Clem stared at the copper tube winding down from the top of the still. The tip rested on a porcelain jug that sat on an upturned crate. He was quietly mumbling to himself as he had done every night for the last seven years. “Dang God of the still have mercy, lemme see a trickle down of your blessed juice.” The stool he sat on creaked as his knees knocked together. A fat spider scrambled underneath the copper pot where the fire should have been. The kerosene lamp sputtered. Clem got up and turned the wick up a bit. “Damn” he muttered “seven years and not a drop”.
Just then he heard a rustle in the dirt behind him. He turned around and with a jaundiced eye saw his neighbor Billie standing in the door of the ramshackle shed. “Clem you have plum lost your foolish mind,” proclaimed Billie. “For seven damn years you’ve been huddled over this stinkin’ still every night waiting for a trickle from that cold pot.

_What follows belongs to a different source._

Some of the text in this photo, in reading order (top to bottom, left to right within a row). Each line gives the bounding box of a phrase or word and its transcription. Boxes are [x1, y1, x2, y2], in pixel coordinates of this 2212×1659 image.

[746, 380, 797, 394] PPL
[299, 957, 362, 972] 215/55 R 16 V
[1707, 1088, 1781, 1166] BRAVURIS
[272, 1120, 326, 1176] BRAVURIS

I told you once I told you a thousand times welladay you got to light a fire for that damn thing to work.” Clem stood up and spat out a chunk of tobacco he’d been roiling in his mouth. “Shaddup Billie. Just shaddup. You know this here is a magic still. I got it from the old still god Ronnie Reagan. He said there is no way it wont work afore he dropped dead.” Billie shook his head. He took off his hat and held it like a preacher. “Clem old pal, every day you work for that mean old straw boss Willard. You give him and his people all your best corn. You shovel out his stables. You done break your back every day working at Rove Farm. Not once have they ever done a thing for you. A man like you oughtta wake up and smell the coffee!”

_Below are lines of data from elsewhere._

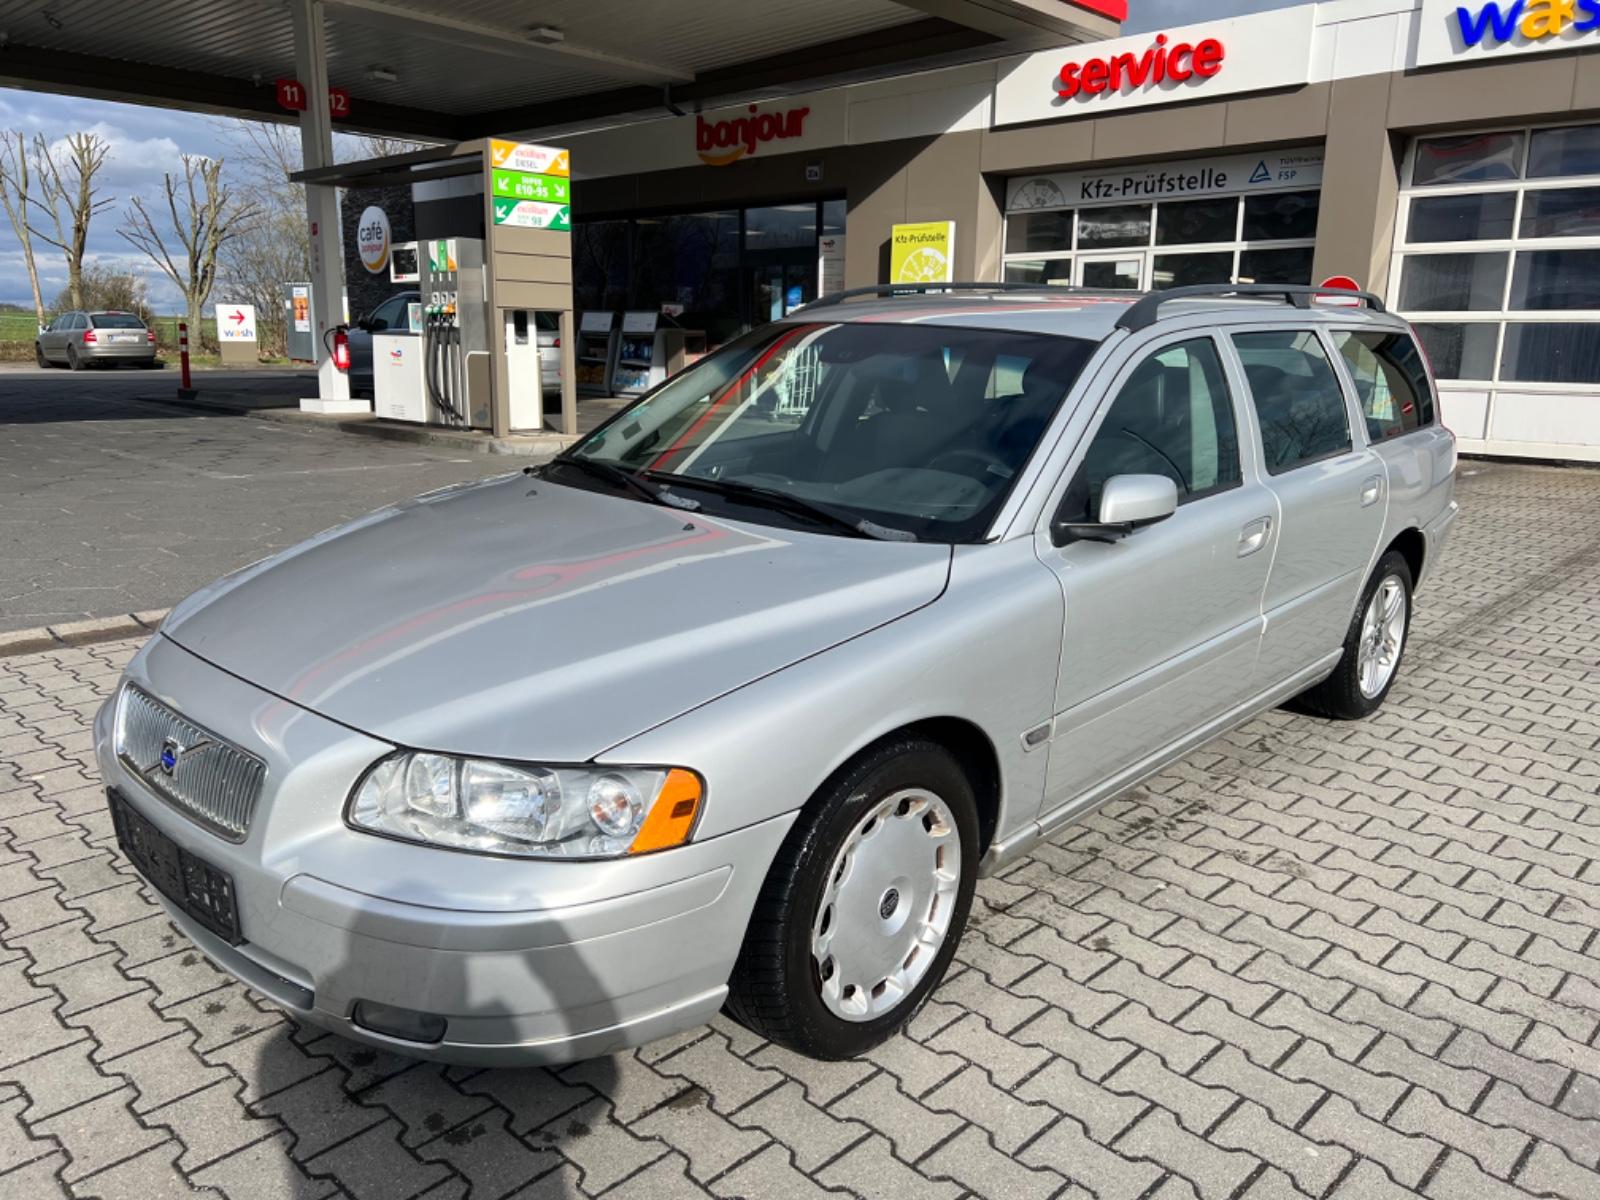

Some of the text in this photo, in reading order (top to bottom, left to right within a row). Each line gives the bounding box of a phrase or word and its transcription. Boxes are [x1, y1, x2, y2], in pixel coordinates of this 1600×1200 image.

[1058, 33, 1224, 98] service
[283, 85, 299, 103] 11
[329, 94, 347, 112] 12
[696, 103, 810, 155] bonjour
[1080, 168, 1228, 200] Kfz-Prüfstelle
[1278, 170, 1298, 181] FSP
[360, 220, 383, 242] café
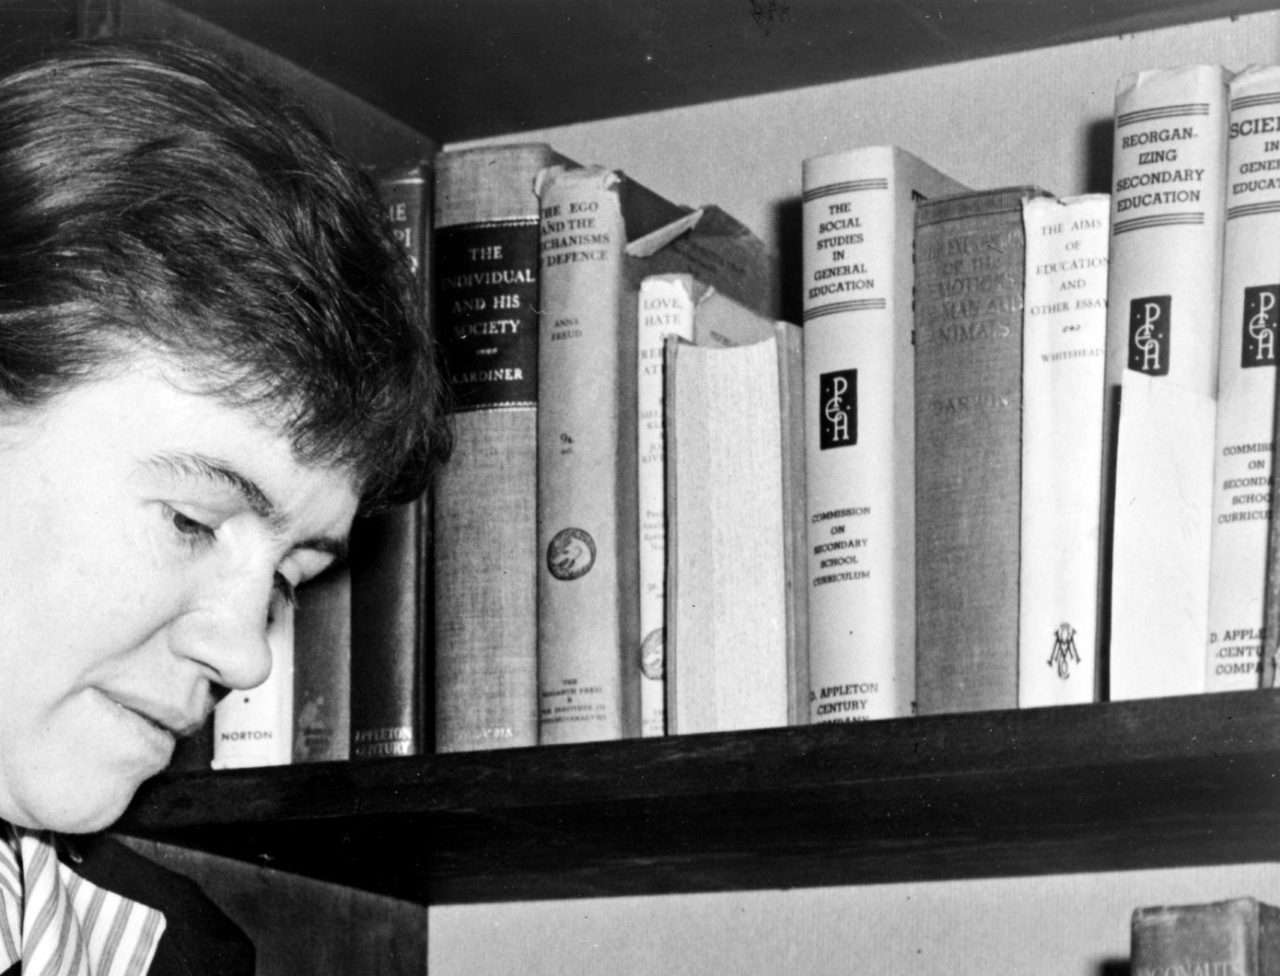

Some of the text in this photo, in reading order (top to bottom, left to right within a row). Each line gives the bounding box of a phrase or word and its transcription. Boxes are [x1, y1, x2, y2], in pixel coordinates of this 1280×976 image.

[1138, 148, 1178, 165] IZING
[1116, 168, 1205, 193] SECONDARY
[570, 202, 599, 214] EGO
[828, 202, 851, 215] THE
[1117, 190, 1201, 212] EDUCATION
[568, 218, 596, 231] THE
[819, 217, 862, 233] SOCIAL
[1041, 219, 1103, 236] THE AIMS
[816, 233, 864, 250] STUDIES
[1065, 240, 1081, 251] OF
[470, 246, 503, 260] THE
[832, 250, 845, 261] IN
[440, 268, 536, 290] INDIVIDUAL
[813, 264, 868, 281] GENERAL
[808, 279, 875, 299] EDUCATION
[1059, 279, 1086, 291] AND
[452, 294, 521, 313] AND HIS
[1030, 301, 1070, 316] OTHER
[645, 314, 680, 327] HATE
[1248, 460, 1265, 470] ON
[811, 507, 871, 523] COMMISSION
[830, 525, 845, 535] ON
[814, 538, 869, 555] SECONDARY
[820, 555, 858, 569] SCHOOL
[813, 570, 870, 587] CURRICULUM
[820, 683, 878, 699] APPLETON
[817, 700, 868, 716] CENTURY
[221, 730, 273, 742] NORTON

“Aw hell” Clem grumbled. Billie turned and ceremoniously replaced his hat on his head and walked away into the night. “Plum foolish old coot, be dead afore he sees a trickle.” As Billie got further away his words echoed in Clem’s head. Clem thought to himself what he had been told. If he did what the straw boss Willard told him to do everyday. If he kept the Rove farm clean and free of undesirables. If he gave all his best corn up to them. The magic Reagan still was supposed to trickle down. He imagined in his head hundreds of full jugs of the sweet elixer. He remembered that Reagan once told him that: “Facts are stupid things.” In his mind he agreed. He was glad Billie had gone. He sat back down on the stool, his knees knocked together. He grabbed another wad of tobacco and took up his mumbling. “Dang God of the still have mercy, lemme see a trickle down of your blessed juice.”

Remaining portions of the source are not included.